The government had formed the 17-member commission, headed by Farashuddin for more than 1.3 million current and former public servants. Presently, there are more than 832,000 government employees and around 500,000 pensioners in the country.
The government’s attention was also drawn to Village Defence Party (VDP) – also known as the Gram Police – half of whose salaries could not be paid by the authorities concerned at the union councils. Government-procured rice would be sold to the VDP personnel at a lower price, Farashuddin pointed out.
The MPO-based colleges and schools should wait six more months than the rest of the administration to implement the proposed pay scale, he said, adding that some of the profitable MPO-based institutes would have to submit a portion of their earnings to the government exchequer.
The chairman added that the boards of directors of these profitable entities that are not depended on government financial support – can fix their own salary structures with permission from the Finance Division.

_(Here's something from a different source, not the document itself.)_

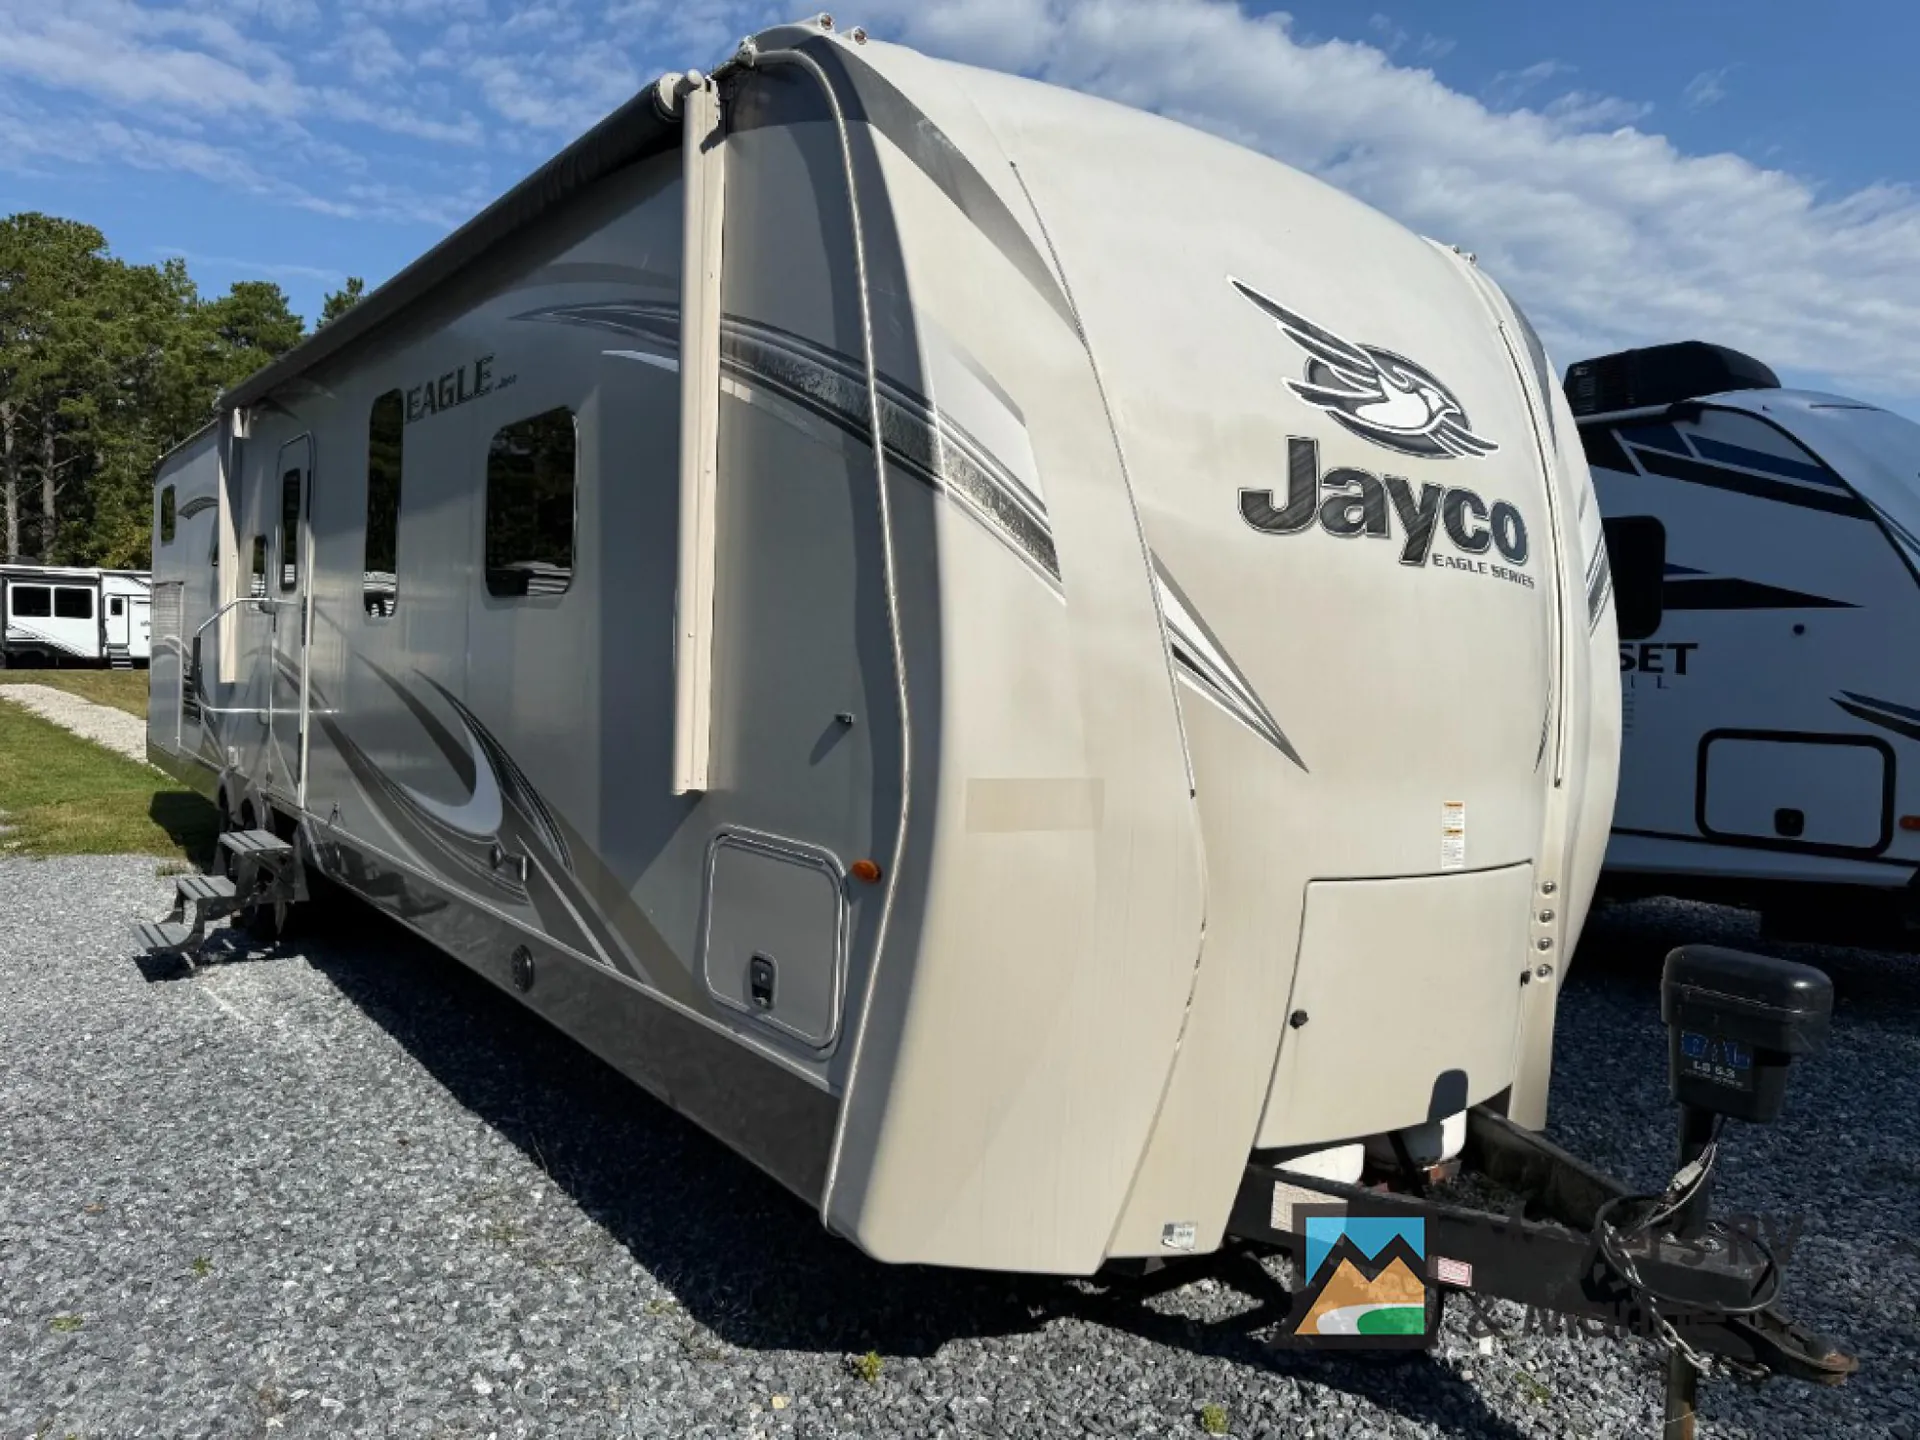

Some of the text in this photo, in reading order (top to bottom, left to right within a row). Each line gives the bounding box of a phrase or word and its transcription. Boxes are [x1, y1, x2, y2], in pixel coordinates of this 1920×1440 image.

[405, 352, 496, 424] EAGLE
[1237, 434, 1529, 567] Jayco
[1432, 552, 1535, 589] EAGLE SERIES

The commission was against separate pay scales for non-profitable autonomous bodies including state-owned banks and public universities; but supported a separate salary structure for Bangladesh Bank – a structure which would have to be approved by the Finance Division.
How all reacted?
After receiving the report, Finance Minister AMA Muhith said he was very happy with it, adding that the policymakers of the Finance Division would now go through the report before its execution.
The government would now form an implementation committee after getting approval from the cabinet, while the new pay structure would come into effect on July 1 next year.
Asked whether there would be any inflationary impact of the new pay scale, Muhith said: “Absolutely not.”
Meanwhile, Mirza Azizul Islam, adviser to a past caretaker government, said such a huge salary hike would definitely increase the demand of products in the market and have a negative impact on product prices.
His views were echoed by Ahsan H Mansur, executive director of Policy Research Institute Bangladesh, who said such a huge salary hike would cause an inflationary pressure in the market. He also recommended that the proposals of the pay scale commission be executed in phases.
Former cabinet secretary Shahadat Hossain, however, praised the move, claiming that it would reduce the inferiority complex of government servants and boost their financial status.